Work item :: Your reproduction of the entries should be exact and should contain no pictures.

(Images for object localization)
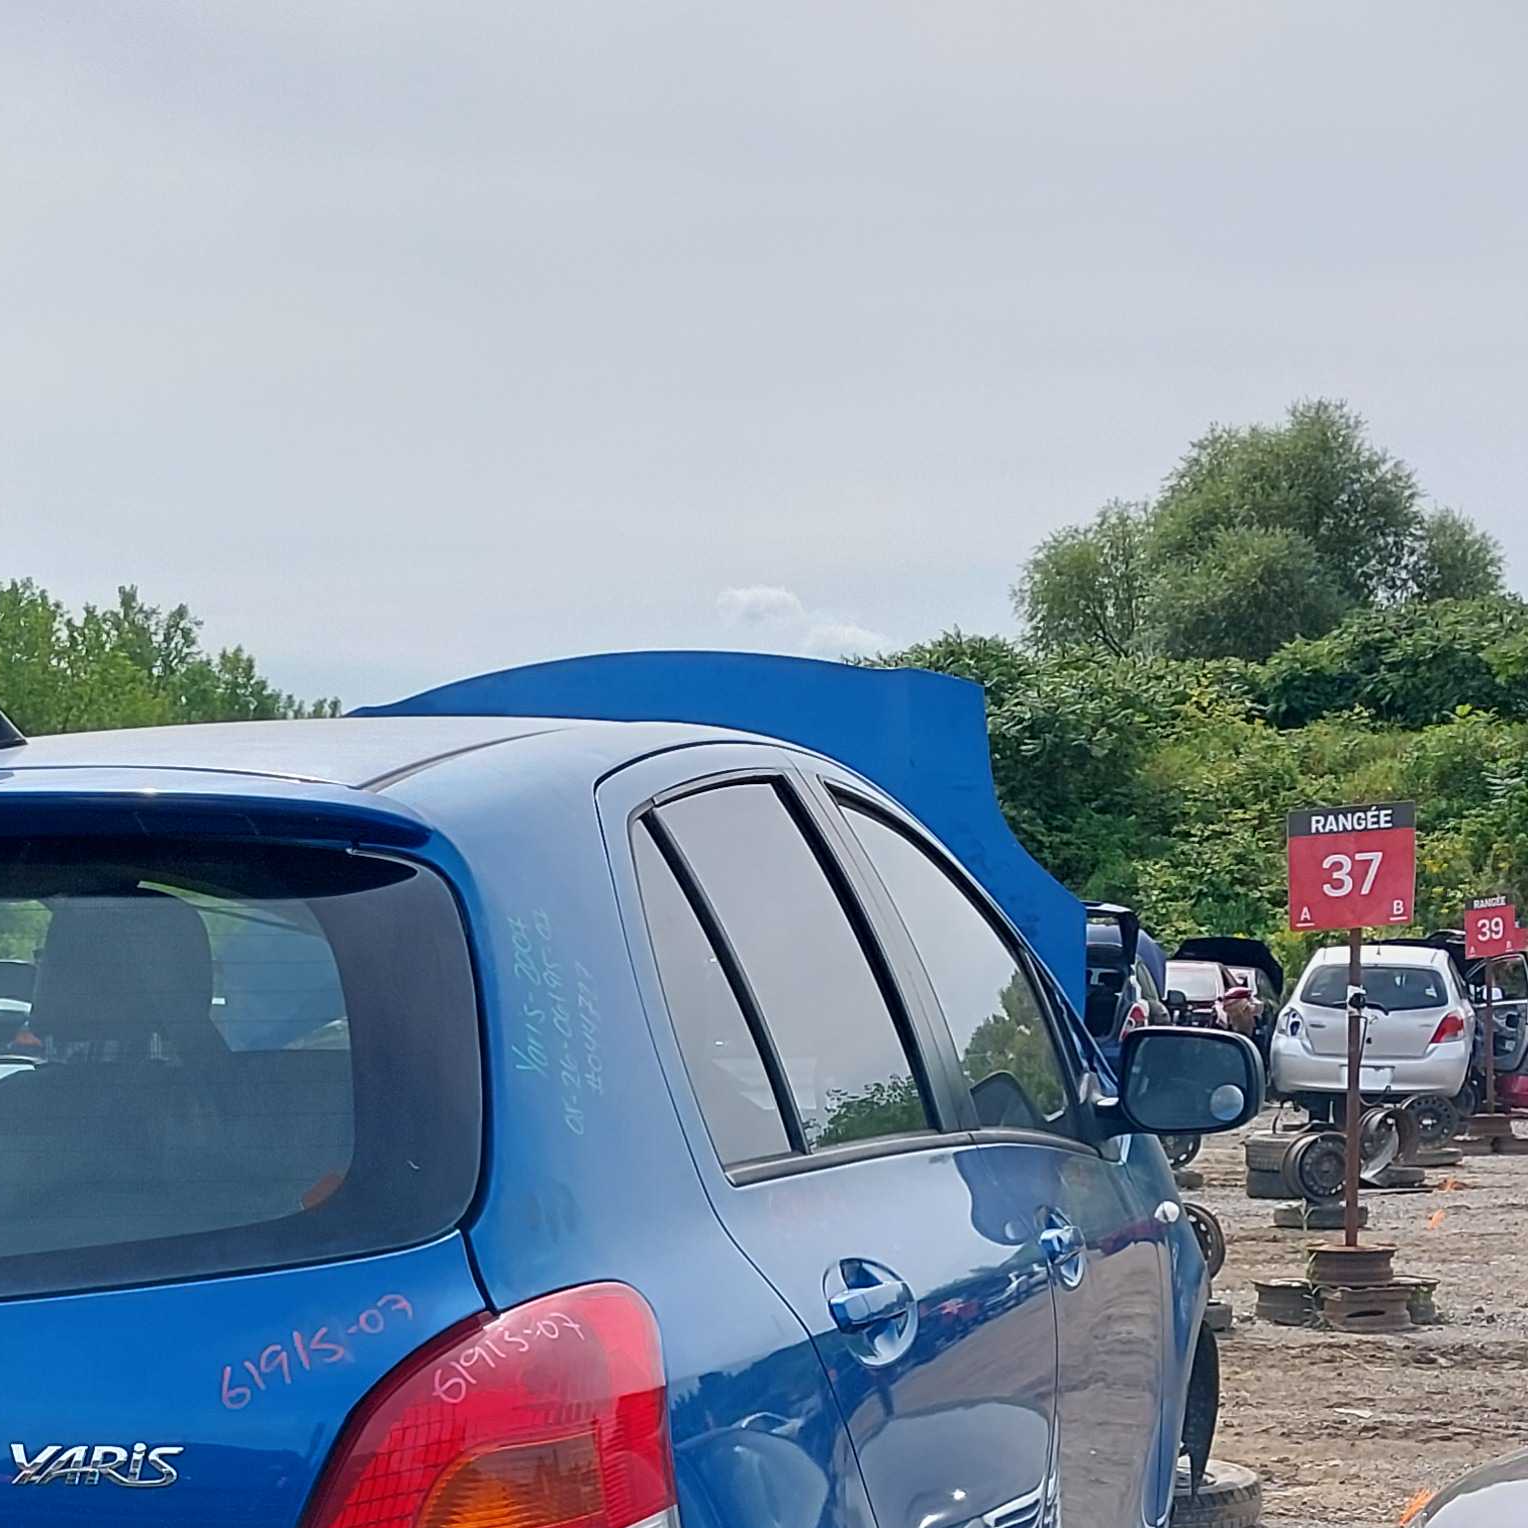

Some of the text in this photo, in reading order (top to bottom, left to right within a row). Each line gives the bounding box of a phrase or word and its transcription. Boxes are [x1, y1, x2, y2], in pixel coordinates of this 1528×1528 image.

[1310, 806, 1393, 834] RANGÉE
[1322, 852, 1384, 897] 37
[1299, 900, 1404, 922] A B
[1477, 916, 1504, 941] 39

Result of this task ::
Some of the text in this photo, in reading order (top to bottom, left to right within a row). Each line gives the bounding box of a phrase or word and its transcription. Boxes are [x1, y1, x2, y2], in pixel coordinates of this 1528×1528 image.

[1310, 806, 1393, 834] RANGÉE
[1322, 852, 1384, 897] 37
[1299, 900, 1404, 922] A B
[1477, 916, 1504, 941] 39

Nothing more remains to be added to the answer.